Btw, will the next release support deleted functions? Or it's just a special handling of lambdas?

Judith_W_Intel
Employee
109 Views

Yes, our next release will support defaulted and deleted functions (under the -std=c++0x switch).

Here is a description of the change:

Defaulted and deleted functions

In C++0x mode, the front end now implements deleted functions ("= delete;")
and defaulted special member functions ("= default;"). A deleted function is
a function declaration that cannot be referenced.

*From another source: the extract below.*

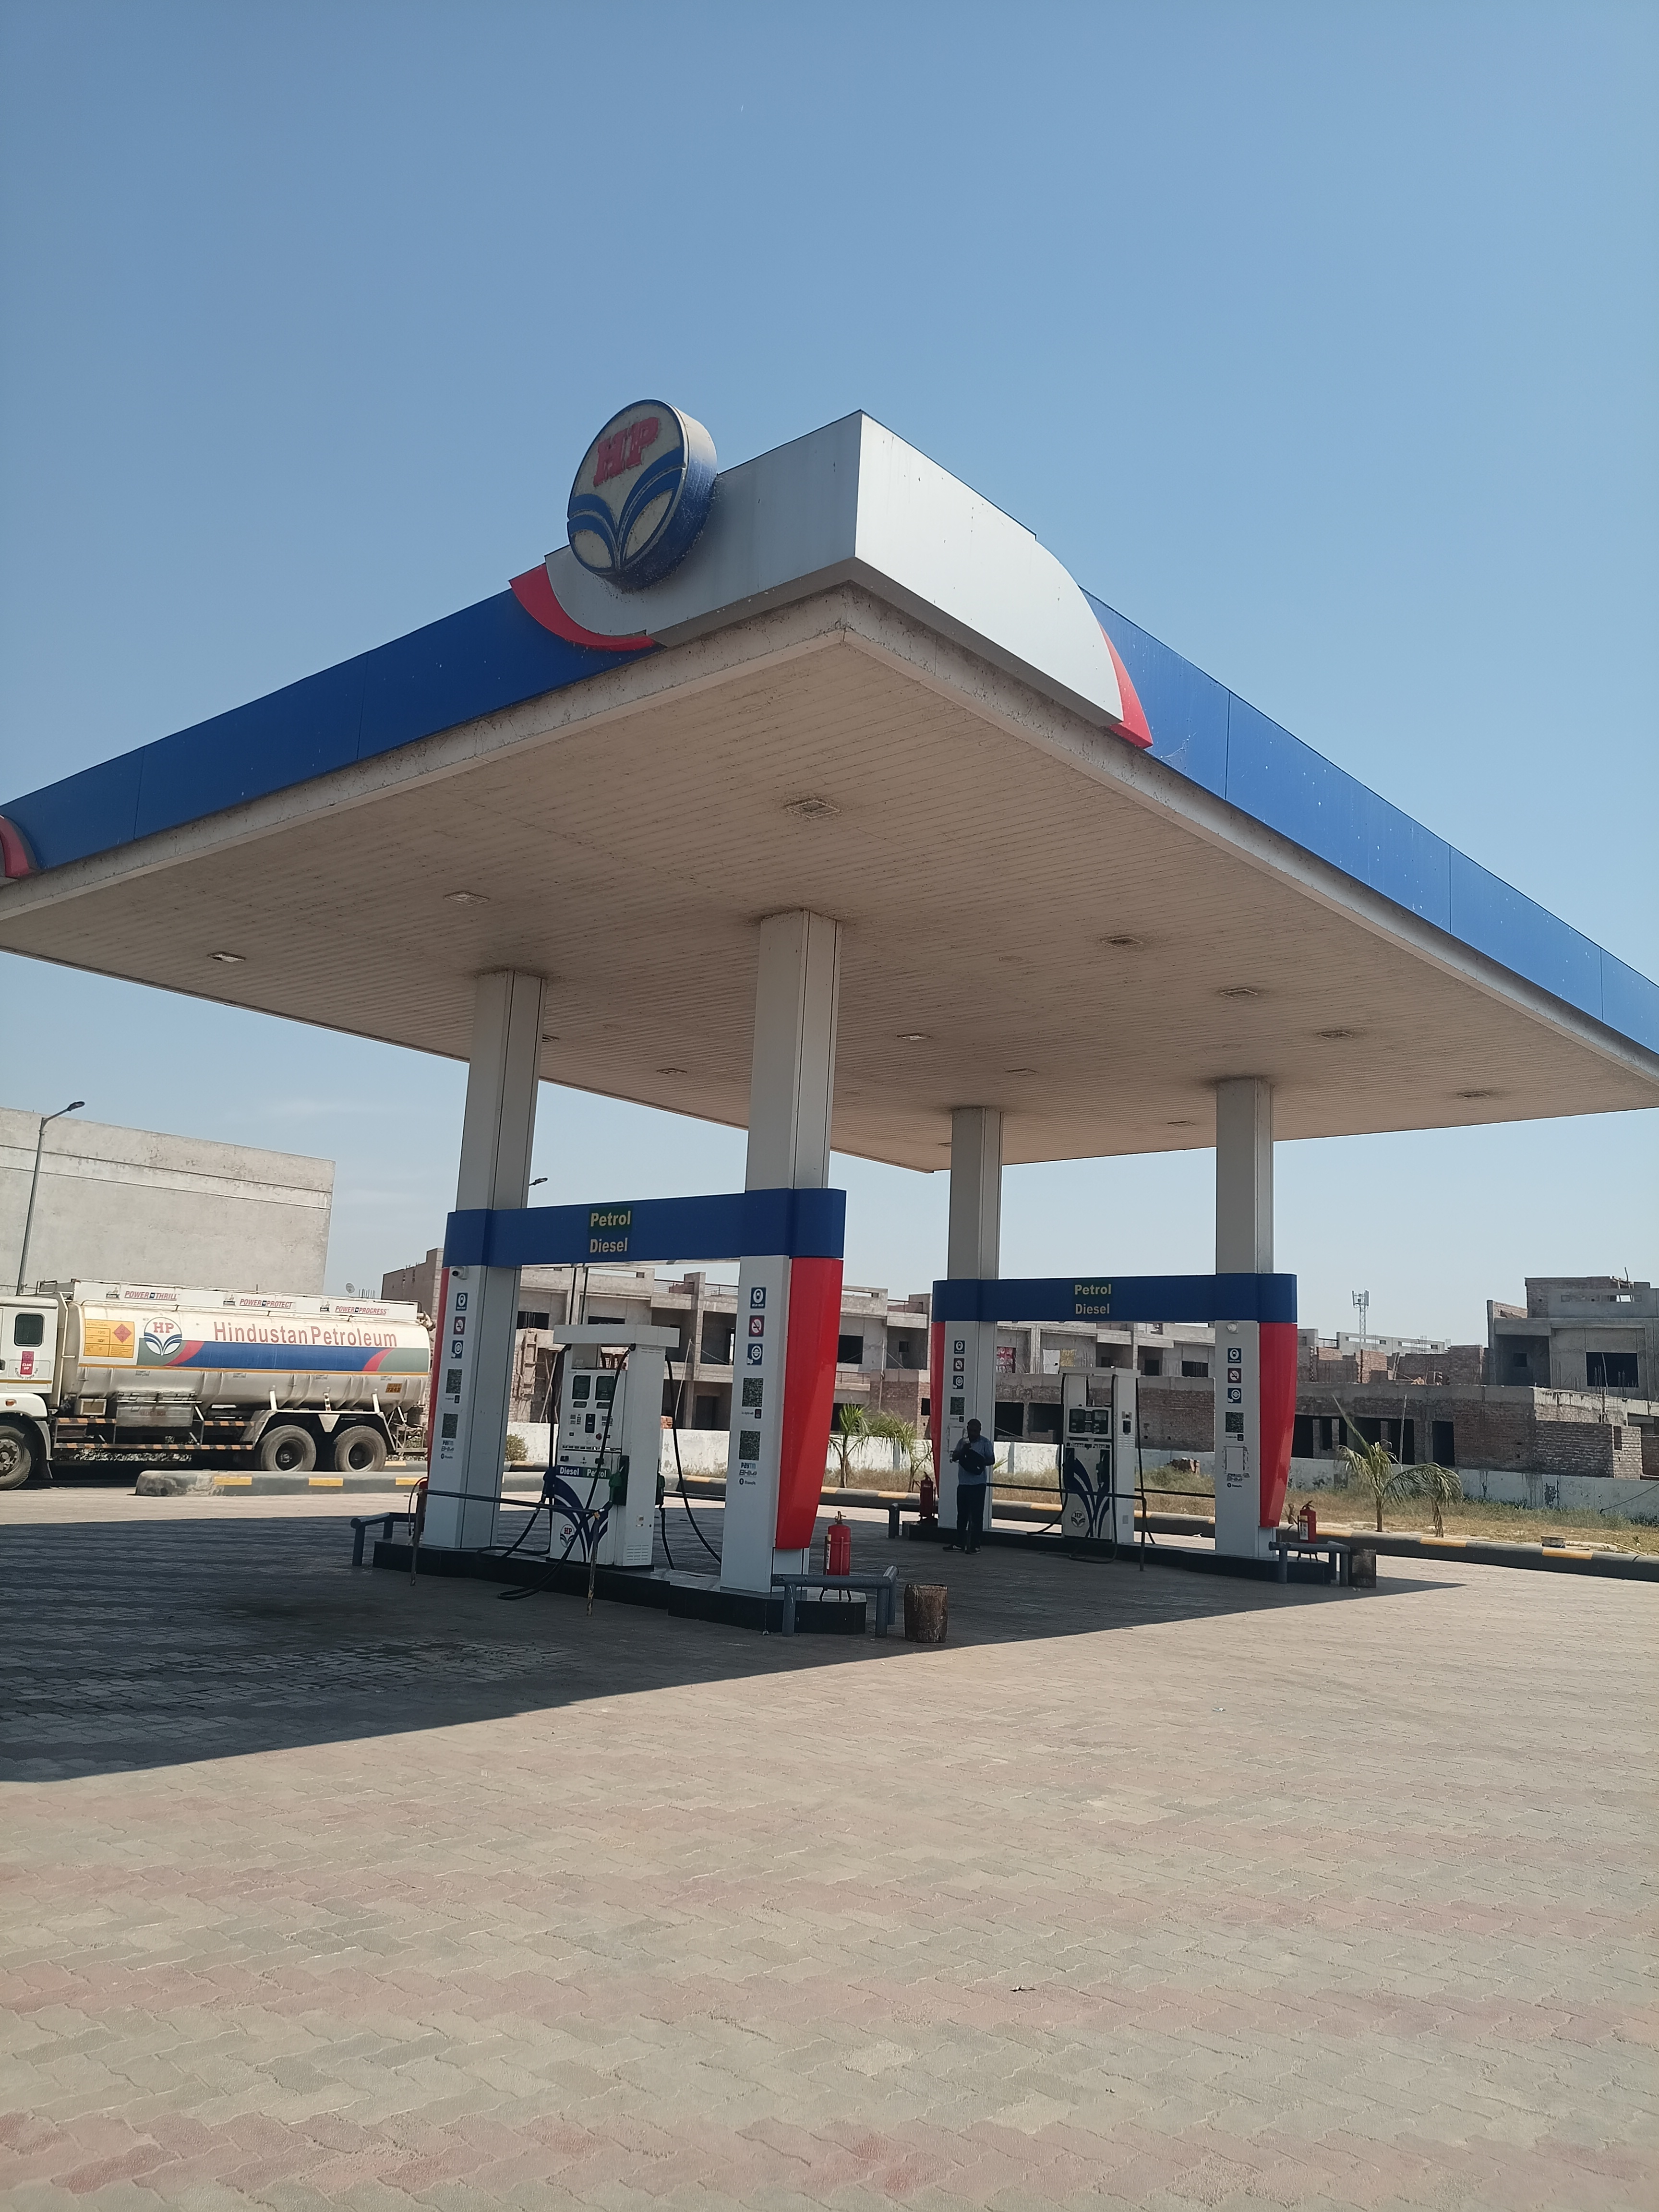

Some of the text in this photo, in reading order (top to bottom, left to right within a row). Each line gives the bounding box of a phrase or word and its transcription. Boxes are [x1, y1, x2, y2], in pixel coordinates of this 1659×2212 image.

For example:

int f(int) = delete;
short f(short);
int x = f(3); // Error: selected function is deleted.
int y = f((short)3); // Okay.

Special member functions that can be implicitly defined can instead be
explicitly declared but with a "default definition". As the following example
shows, the default definition can be specified inside or outside the enclosing
class definition, but only if it appears inside the class can that class be a
POD type (if all other constraints for POD types are fulfilled).

struct S { S(S const&) = default; };
struct T { T(T const&); };
T::T(T const&) = default;
static_assert(__is_pod(S), "S is a POD");
static_assert(!__is_pod(T), "T is not a POD");

This change was voted into the C++ committee's working paper for the next
standard in July 2007 (meeting in Toronto, through proposal numbered N2346).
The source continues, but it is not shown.